- **WORK ITEM**
Reproduce the entries that follow exactly. No picture should appear in the result.

>>>>>

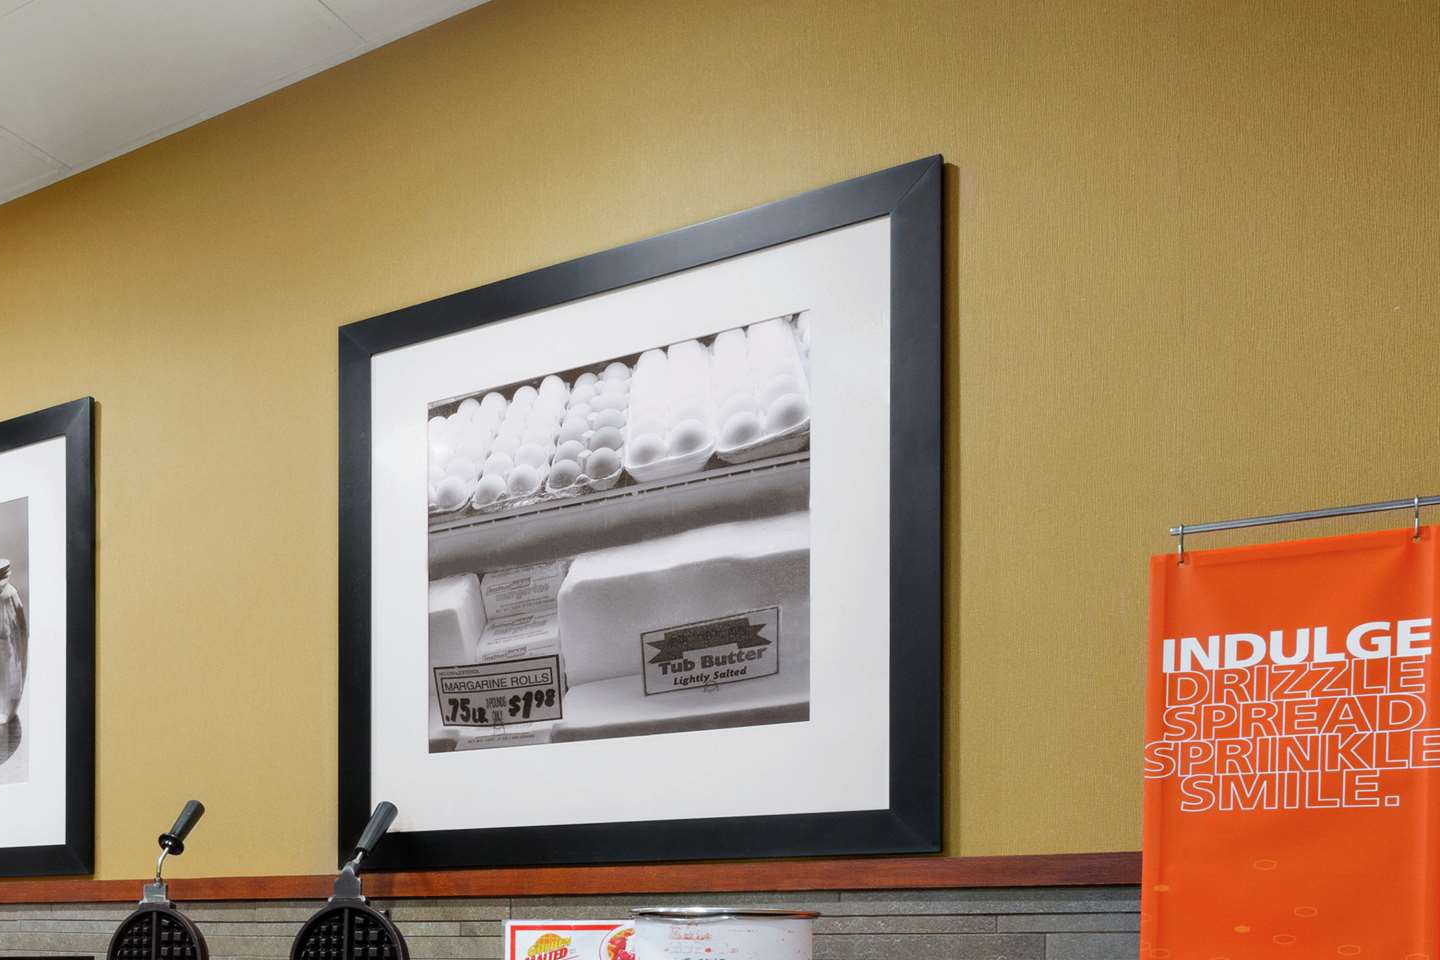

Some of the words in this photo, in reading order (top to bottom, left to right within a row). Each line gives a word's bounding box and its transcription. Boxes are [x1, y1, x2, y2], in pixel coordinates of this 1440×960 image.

[658, 659, 696, 675] Tub
[700, 647, 768, 669] Butter
[1163, 618, 1432, 673] INDULGE
[444, 678, 508, 692] MARGARINE
[511, 672, 550, 687] ROLLS
[673, 672, 711, 686] Lightly
[713, 666, 748, 680] Salted
[1166, 655, 1426, 708] DRIZZLE
[1163, 692, 1427, 742] SPREAD
[1144, 728, 1440, 779] SPRINKLE
[1181, 768, 1400, 812] SMILE.
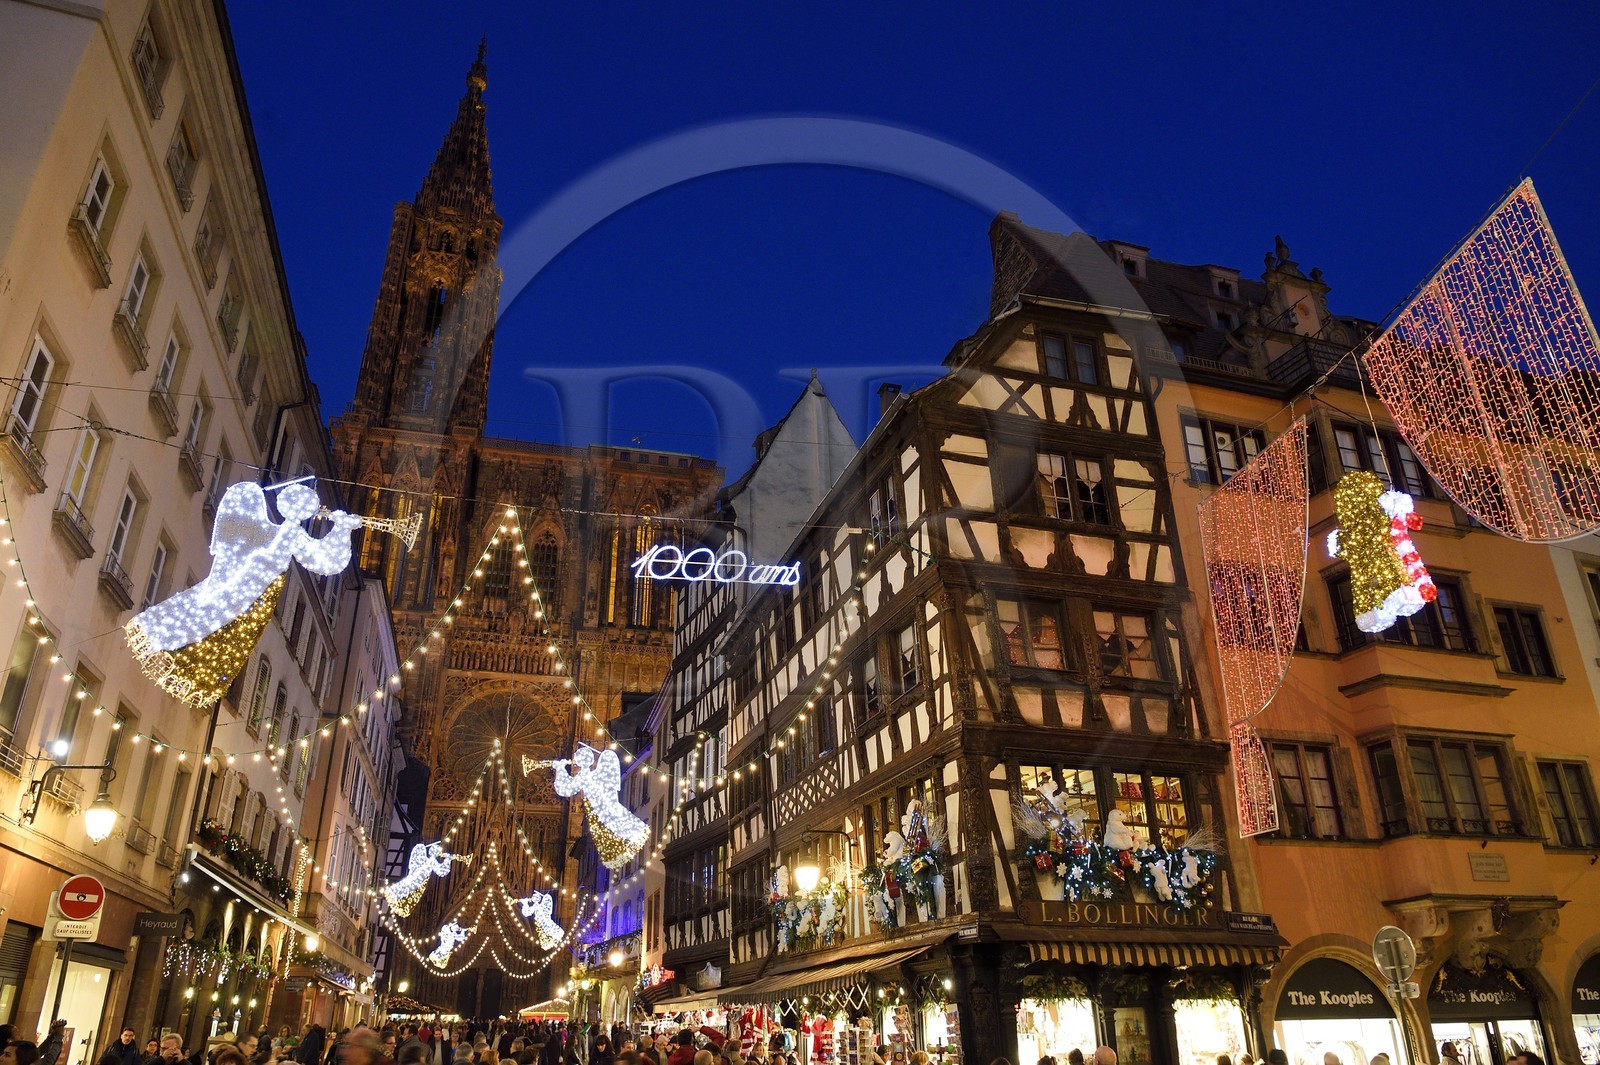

<<<<<

- **SOLUTION TO THIS EXERCISE**
Some of the words in this photo, in reading order (top to bottom, left to right within a row). Each line gives a word's bounding box and its transcription. Boxes are [x1, y1, x2, y2], in pixel coordinates of this 1440×960 image.

[658, 659, 696, 675] Tub
[700, 647, 768, 669] Butter
[1163, 618, 1432, 673] INDULGE
[444, 678, 508, 692] MARGARINE
[511, 672, 550, 687] ROLLS
[673, 672, 711, 686] Lightly
[713, 666, 748, 680] Salted
[1166, 655, 1426, 708] DRIZZLE
[1163, 692, 1427, 742] SPREAD
[1144, 728, 1440, 779] SPRINKLE
[1181, 768, 1400, 812] SMILE.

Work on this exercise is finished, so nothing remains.